Creativity Magazine

Denial: a Transitory Pain Killer

Posted on the 27 May 2012 by Muhammadhazem @MuhammadHazem

Denial: a transitory pain killer
''I—I can't do this. I just—''
'' LOOK, this is your life not mine! I am just doing my job as a professional. I have never said this before to a patient but you seriously do need to take the reins of your life, young man, '' the doctor impatiently interrupted while tapping the floor with his carefully polished shoes.
Silence permeated for a few slow-pacing seconds. The situation brought me immense discomfort. My wife sat across of me, looking disappointed. I forced myself off the chair and gestured for my wife to get off as well.
'' Before you go, Muhammad, '' the doctor remarked, '' you have to know that the prescription I wrote  down for you is your sole path to redemption. ''
'' Yea, '' I responded in defeat and indescribable frustration. 

I shuffled my way through the door, indicating my overwhelming feelings with a stagger and bowed head. '' I do not know what to say, Muhammad, '' my wife confessed. '' I know it is hard for you to accept the prescription and commit to it, but what choice do you have? '' She said in almost a whisper. At this precise moment, I collapsed in tears. I sobbed like a homeless child. I groaned and quivered. '' I am  sorry Nada for always letting you down, '' I feebly murmured.   As usual, my wife lavished her unconditioned motherly feelings on her insecure husband; a situation which   stripped me the right of ego-driven power.  '' It's okay, dear. We will work it out. I am here for you, '' She comforted as she crouched down to wipe  the tears of the child she did not gave birth to. I rested idly in the back seat as my wife drove us home. She peered at me with her smiling eyes through the front mirror, signifying her support in a non-verbal manner.  

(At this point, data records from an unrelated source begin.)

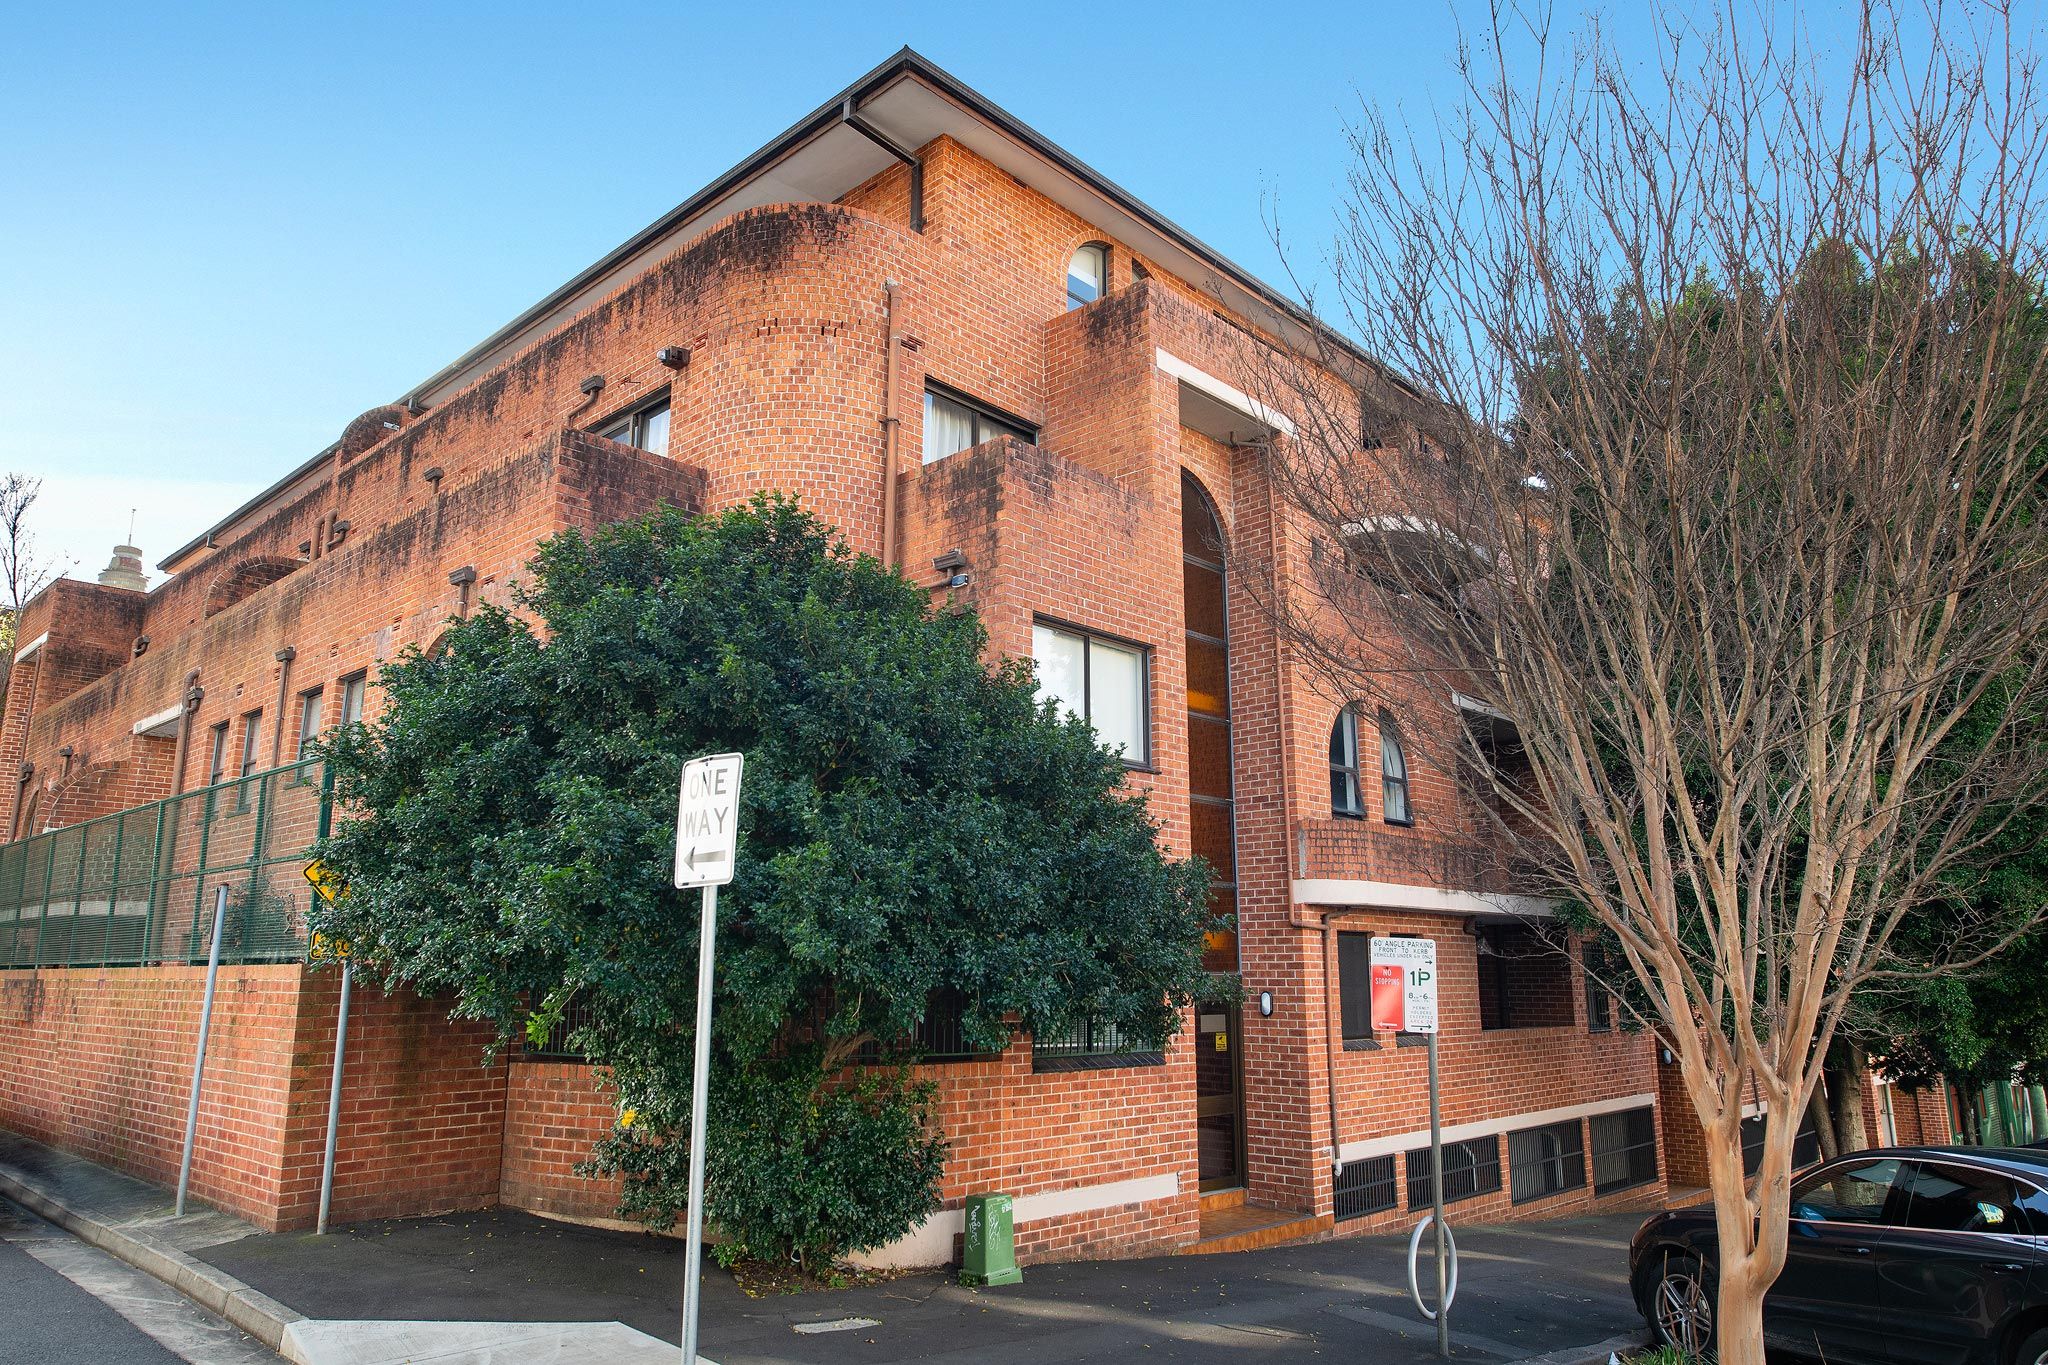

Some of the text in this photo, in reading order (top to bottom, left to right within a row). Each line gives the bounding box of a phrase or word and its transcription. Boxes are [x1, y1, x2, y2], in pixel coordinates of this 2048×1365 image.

[689, 767, 728, 800] ONE
[685, 806, 729, 838] WAY
[1384, 940, 1405, 948] ANGLE
[1407, 941, 1434, 949] PARKING
[1382, 968, 1392, 976] NO
[1409, 970, 1431, 986] 1P
[1375, 977, 1400, 985] STOPPING

I felt ashamed. I felt willing to face my illness. But my fear of confrontation outweighed any other inclinations. The prescription was shoved carelessly into my back pocket, crumpled like a useless receipt of purchase that offers no further benefit. 

We made it home. My wife swiftly abandoned the driver's seat and turned to open the door for her overweight husband; a husband whose problems added intangible extra pounds to his slim shape; a husband who flunked to portray the image of courage and relentlessness that would satisfy the emotional yearnings of a young woman. Rather, a young princess. 

'' Muhammad, if I am of any value to your heart, give the prescription some consideration. I hate to see you as disheartened as you are now. I took you to the best DFS doctor in town. Regardless, you are the only one who can get yourself out of it. People who care can only guide; they can only give encouraging pats and sensual hugs. You are a real man, Muhammad. I have faith in you, '' she encouraged in a manner that depromoted my eloquence of speech to the stutters of a disoriented child.  
I kissed her forehead with a tearful cheek. 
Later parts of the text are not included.